Jerry: There's another feature in that too, Randy, and that's this: If it's a world that's been created for you in that book, when you go back to read, like you say, you know all the turns and twists of plot, you know the surprises and stuff, but he says, you go back, he believes, because you loved that world that was created. And he said, “It takes you to the place where you end up longing for the only other world you could ever really know.” He thinks it's a heaven longing. And it's like the child who hears a great story at bedtime, and what does the child say right after they hear it? “Read it again.
”Yeah. “Tell it again.” Yeah.
Mark: Well, getting back to that idea, too, of users versus receivers, Lewis wanted the experience of getting into the world of the book, to actually bask in and absorb it, and not just to mark it off a checklist, as it were, and say he's read it, but actually to immerse himself in the story. And he writes again in a preface to Paradise Lost that, in reading books of the past, we have to become an Achaean chief while reading Homer, or a medieval knight while reading Mallory, or an 18th century Londoner while reading Samuel Johnson. And so there’s a real sense in which to read this way is to hold our current worldview a little more lightly. And he has this great section at the end of An Experiment in Criticism, where he said, “I desire more windows,” right? “My own eyes are not enough for me. I would see with others ‘eyes. Even that's not enough. I would see what others have imagined. Even that's not enough. I regret that the brutes cannot write books. Gladly would I see how reality is presented to the eye of a bee or a mouse, or how it comes charged with the olfactory sense of a dog.
“And so he says that we live in these very narrow prisons of self, and reading in this way, in this immersive experience, can bring us those wider vistas, those wider horizons, and can let us into a whole new, wonderful range of experience.
Jerry: But, Randy, we don't want your listeners to feel guilty. If you come here to Wheaton College sometime, we have the Wade Center, which is the largest collection of C.S. Lewis material in the world, and we can go down to the stacks and pull out his copy of Don Juan by Lord Byron. And on the last page of that book, the inside back cover, he has written the date when he finished it, and right underneath that, he wrote, “Never again!” So Lewis did feel that there were some books not worth reading. Certainly, the telephone book. We don't need to read it more than twice.
But I think that what Lewis is saying is that there are some books that invite us to go back to them over and over again. You see a proliferation of those books that people tend to go back to, the kinds of books that actually a Western liberal arts education was built around. And that canon is getting bigger, because we're seeing these glorious books from other countries that are outside of what that earlier canon was. But these are books that have deep human themes in them. They're the themes where the quest for reconciliation and estranged relationships, the quest for having healed the brokenness that's in each of us, the quest for finding the thing that we've been looking for and searching for, that knowing of the heart and finding its perfect love, finding its perfect home, finding its ability to be remade and reformed.

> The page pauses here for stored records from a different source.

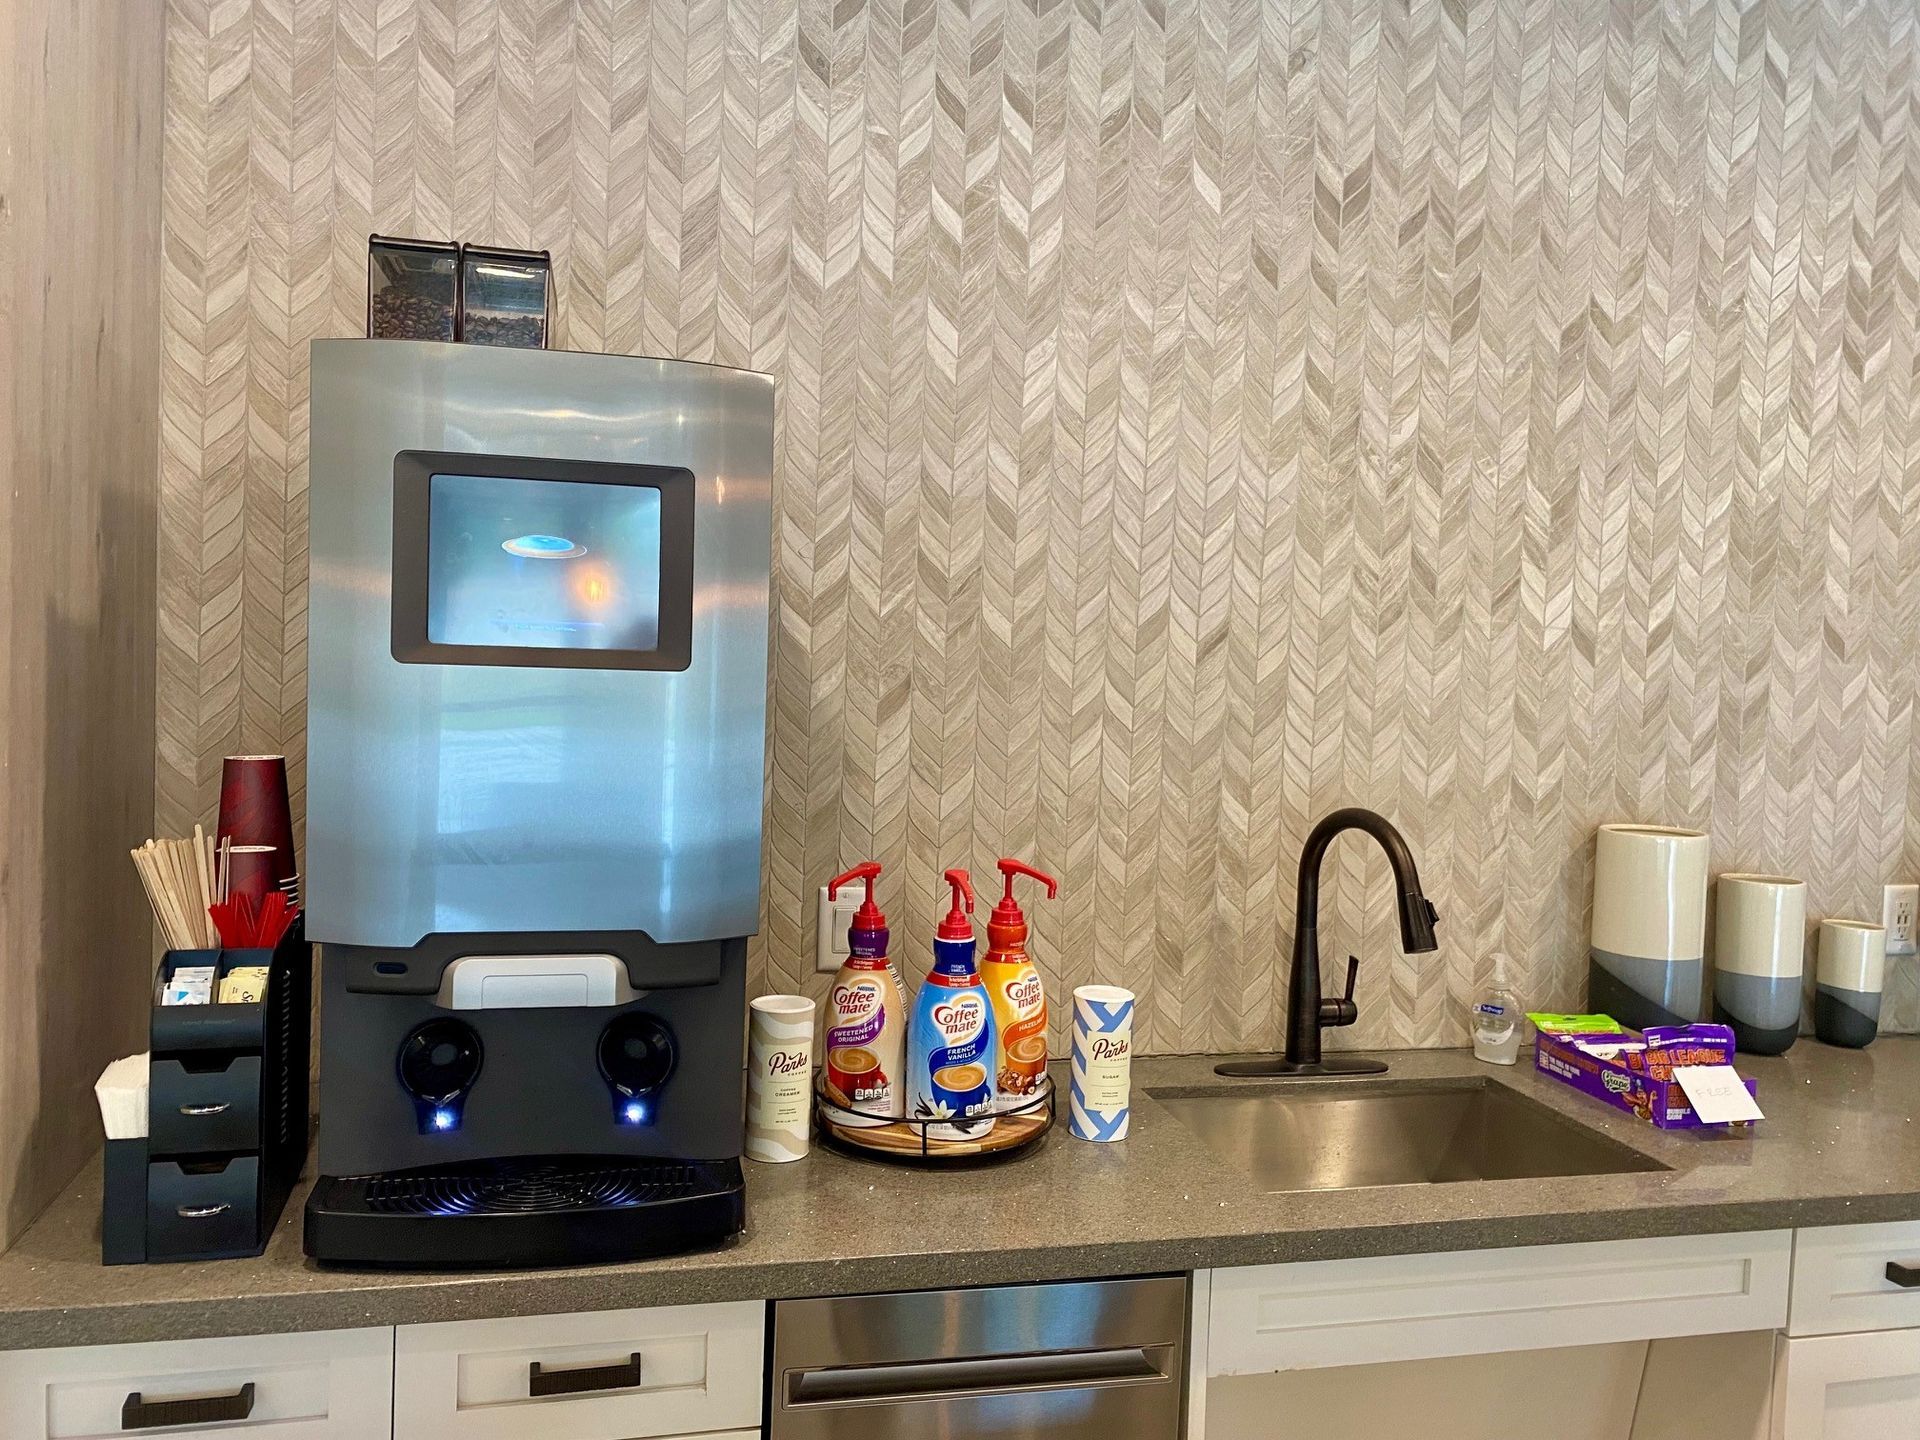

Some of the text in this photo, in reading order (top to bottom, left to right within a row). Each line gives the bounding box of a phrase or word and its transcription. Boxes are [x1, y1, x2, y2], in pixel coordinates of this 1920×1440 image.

[834, 985, 875, 1006] Coffee
[1005, 982, 1040, 1001] Coffee
[838, 1003, 871, 1015] mate
[1018, 993, 1041, 1009] mate
[934, 1005, 979, 1026] Coffee
[833, 1024, 874, 1038] SWEETENED
[945, 1020, 977, 1034] mate
[838, 1034, 869, 1043] ORIGINAL
[947, 1043, 976, 1055] FRENCH
[947, 1050, 977, 1061] VANILLA
[1092, 1038, 1129, 1061] Parks
[1645, 1048, 1727, 1065] BIG LEAGUE
[768, 1051, 808, 1076] Parks
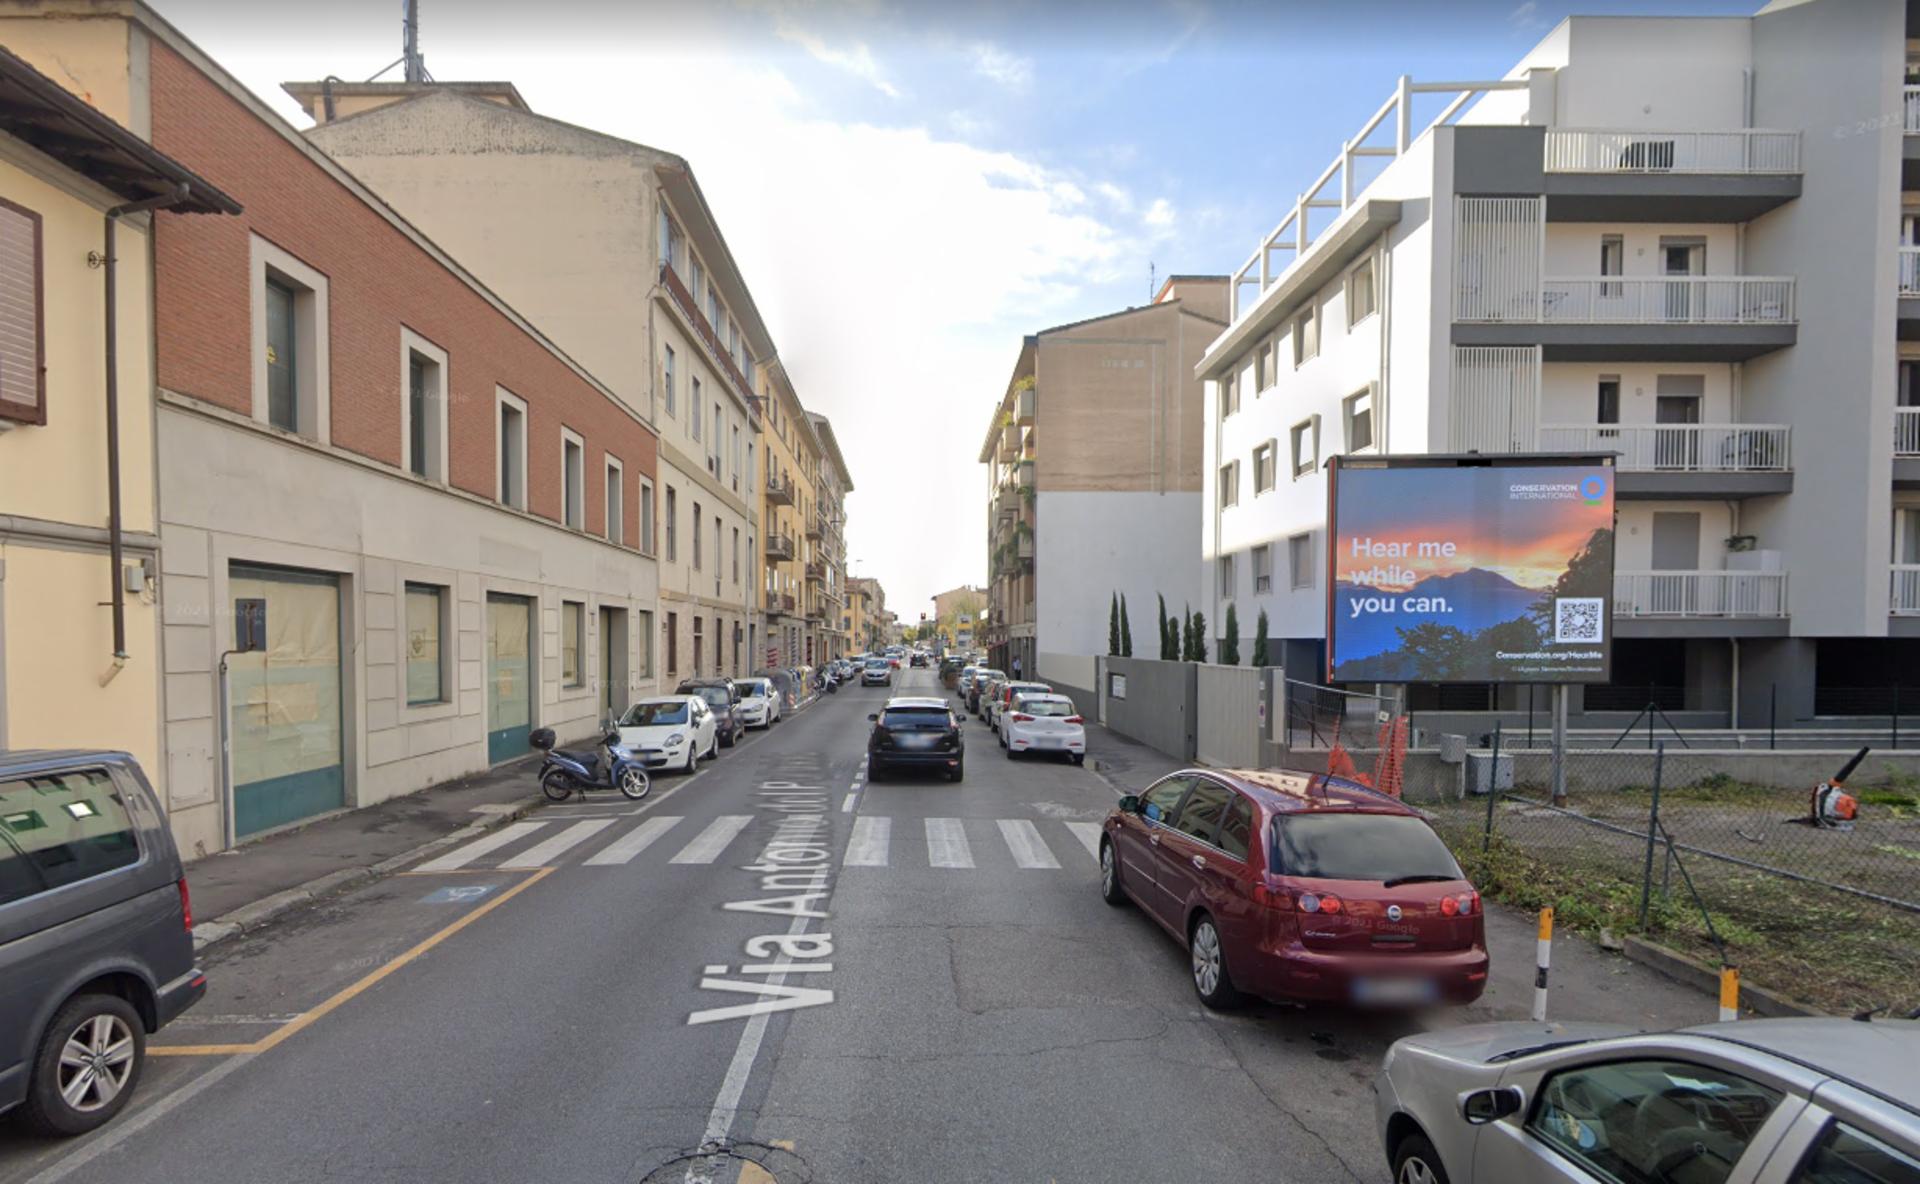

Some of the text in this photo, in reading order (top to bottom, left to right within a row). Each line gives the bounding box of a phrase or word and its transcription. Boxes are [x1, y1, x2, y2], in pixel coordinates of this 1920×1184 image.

[1510, 484, 1578, 492] CONSERVATION
[1510, 492, 1577, 500] INTERNATIONAL
[1352, 537, 1457, 558] Hear me
[1351, 565, 1416, 585] while
[1350, 596, 1453, 618] you can.
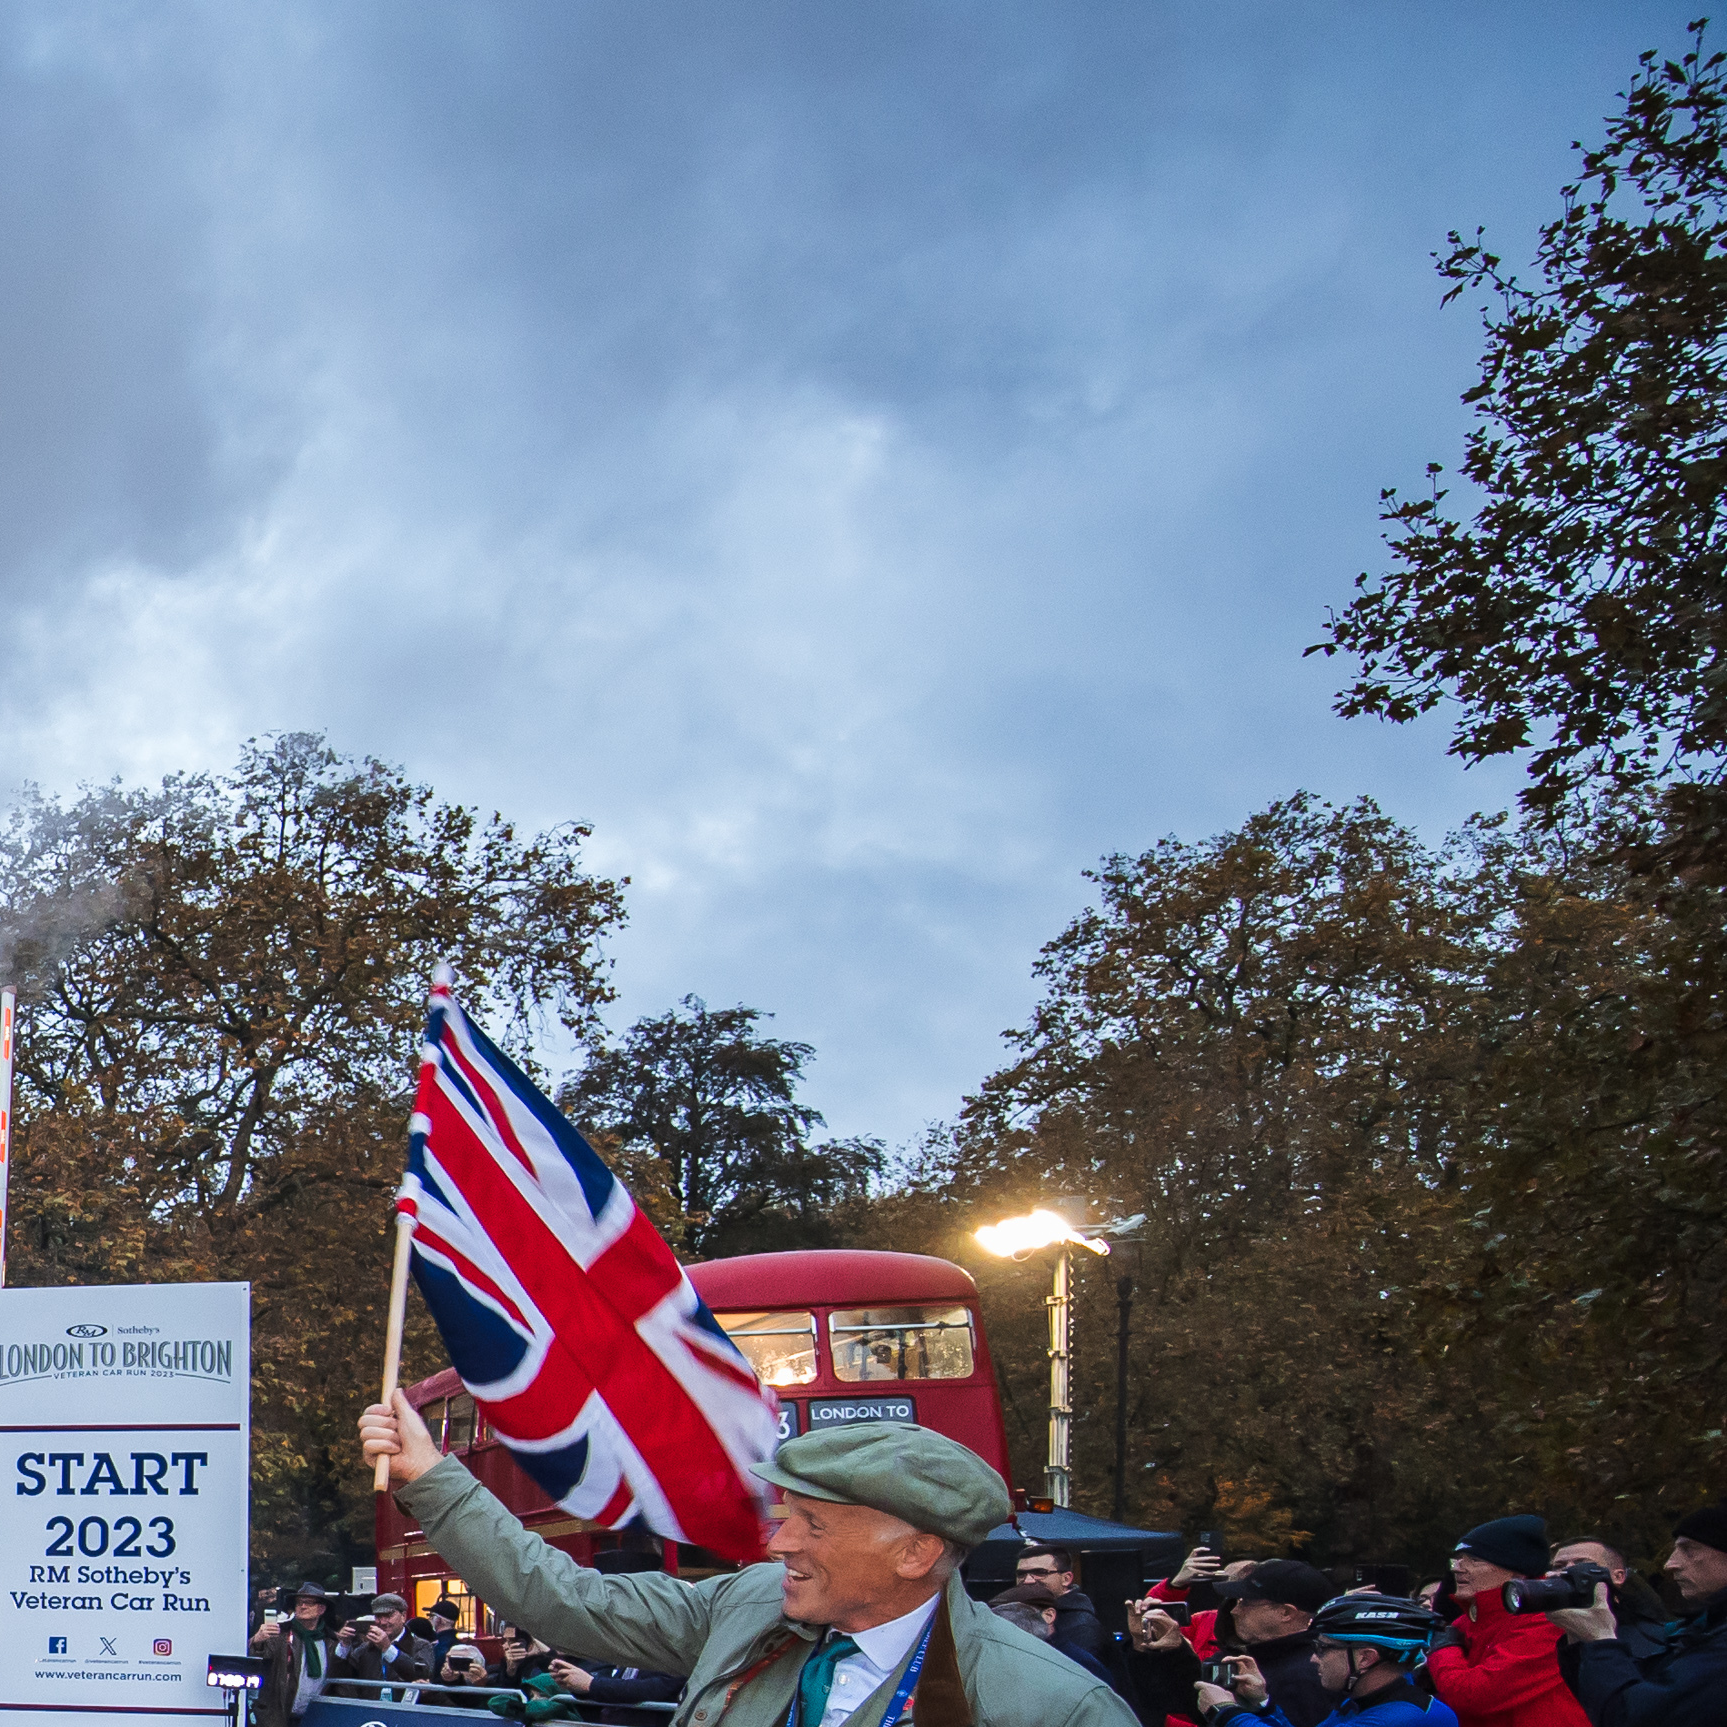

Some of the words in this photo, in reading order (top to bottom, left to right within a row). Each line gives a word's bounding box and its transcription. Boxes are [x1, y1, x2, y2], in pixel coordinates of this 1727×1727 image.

Those kinds of themes that we get in this great literature, in Western and Eastern culture, are the kinds of things that people go back and read and reread because they're trying to understand their own selves. It's very good, I think.
How to Grow Our Walk with the Lord by Reading the Neglected Books
Well, let me push you a little bit further in the direction you're already starting on. So we’re the C.S. Lewis Institute, and our calling is discipleship and helping people grow spiritually. How would reading some of these neglected books by C.S. Lewis, how would that help us grow in our walks with the Lord?
Jerry: Well, even in some of the themes in the book, Lewis marks certain development in certain periods of literature. I can think, for example, of The Allegory of Love. In that particular book, Lewis is recognizing that there was an understanding of marriage in early medieval years where, among the leisure classes, marriages were arranged. And so, consequently, adultery was held in high value because the person you really loved was not the person you married due to that arrangement. And so, consequently, he traces the development of marriage from something like “The Romance of the Rose,” where this quest of the lover—he hopes he could deflower this girl, but he's guilty about it. And Lewis says that’s an important moment. People realized that was wrong. There's development going on. And then you go to Chaucer’s Troilus and Cressida, where there's fornication in that book. But Chaucer prays at the beginning for the reader to pray for him, that he might tell the story well. He prays at the end of the story. “Blessed Jesus, turn our loves to Thee.” There’s development there.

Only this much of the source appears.